The trial court abused its discretion in denying the relator’s motion to dismiss under Texas Rule of Civil Procedure 91a based on the conclusion that the relator filed the motion after the deadline. The relator timely filed the motion. The purported late-filing was the only reason for the dismissal; the trial court did not even consider the merits of the motion. Because the relator lacks an adequate appellate remedy, this court should grant mandamus relief directing the trial court to vacate the order denying the Rule 91a motion and to rule on the merits of the motion. The trial court abused its discretion by denying the motion as untimely.
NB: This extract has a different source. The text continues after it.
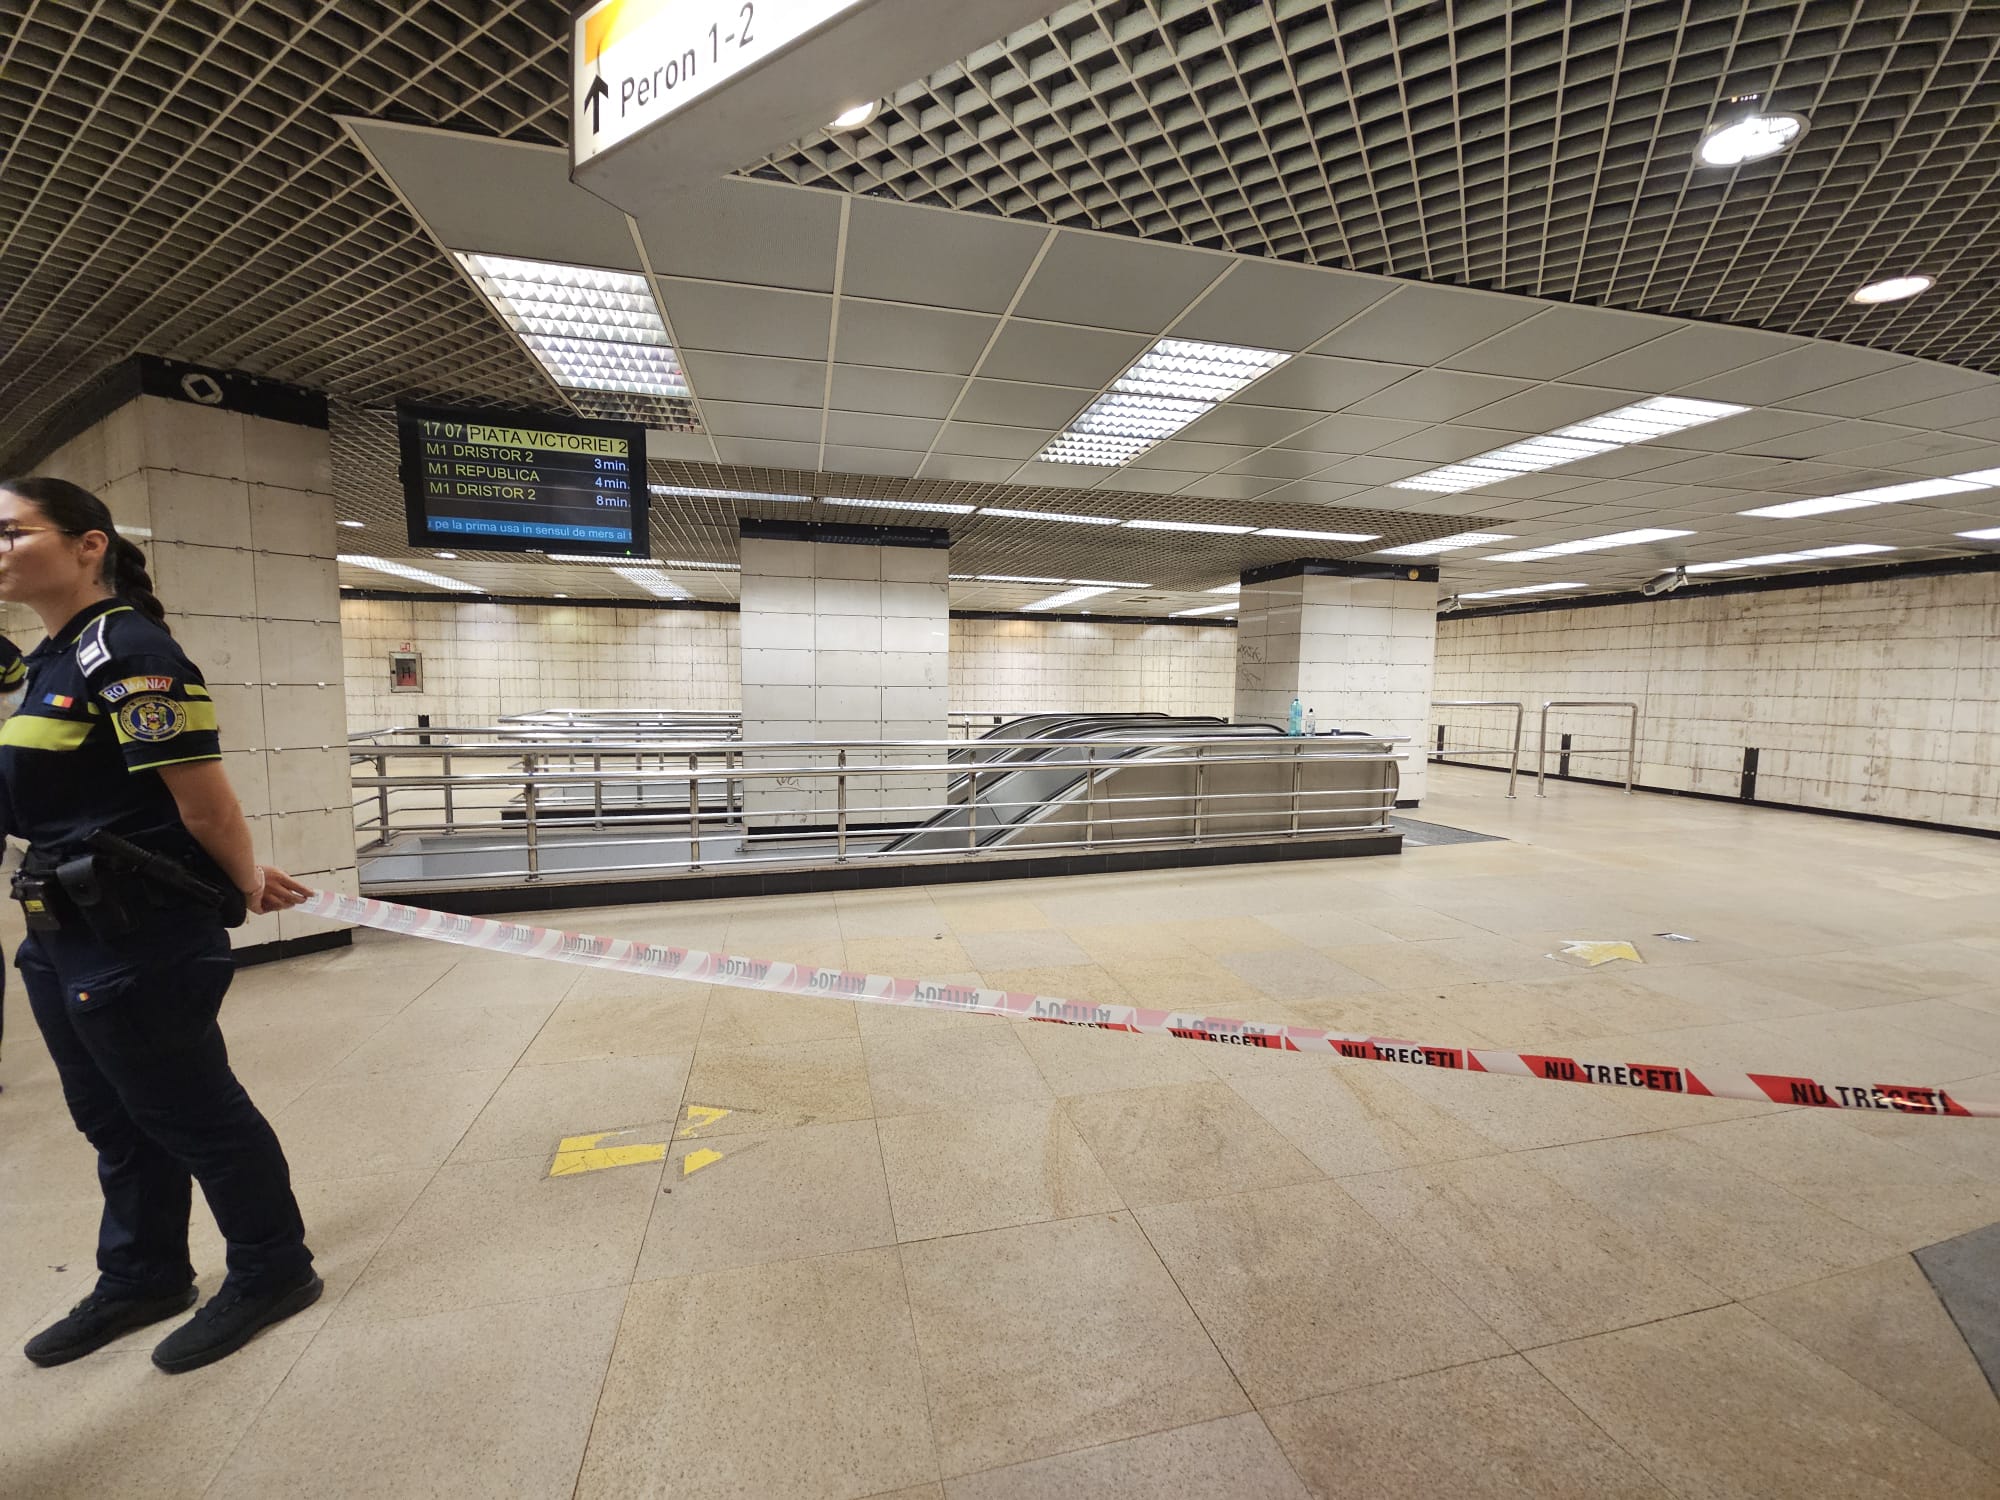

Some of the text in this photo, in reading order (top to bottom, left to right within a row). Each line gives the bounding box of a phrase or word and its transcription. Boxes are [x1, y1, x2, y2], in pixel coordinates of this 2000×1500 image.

Robert Coleman sued Melford Amkrum and Best Transportation Services, Inc. (collectively, the "Best Transportation Parties") for injuries sustained in a motor-vehicle accident. Coleman assigned his right to seek recovery of medical expenses to relator HMR Funding, LLC. The Best Transportation Parties filed their original third-party petition against HMR Funding on June 2, 2016. The Best Transportation Parties attempted to serve citation on HMR Funding by serving the Texas Secretary of State on July 11, 2016.
HMR Funding claims that the service of citation on the Secretary of State was defective service. Though HMR Funding alleges improper service, it voluntarily appeared in the case on February 22, 2017, by answering and asserting affirmative defenses and matters in avoidance (lack of capacity, lack of standing, lack of ripeness, and contributory negligence). HMR Funding filed a Rule 91a motion to dismiss on April 24, 2017, asserting that the Best Transportation Parties lacked standing and capacity to maintain their claims against HMR Funding and that their claims for unconscionable contracts, usurious interest, and invalid assignments have no basis in law or fact.
See Tex. R. Civ. P. 91a.1 (providing that a party may move to dismiss a claim on the grounds that it has no basis in law or fact).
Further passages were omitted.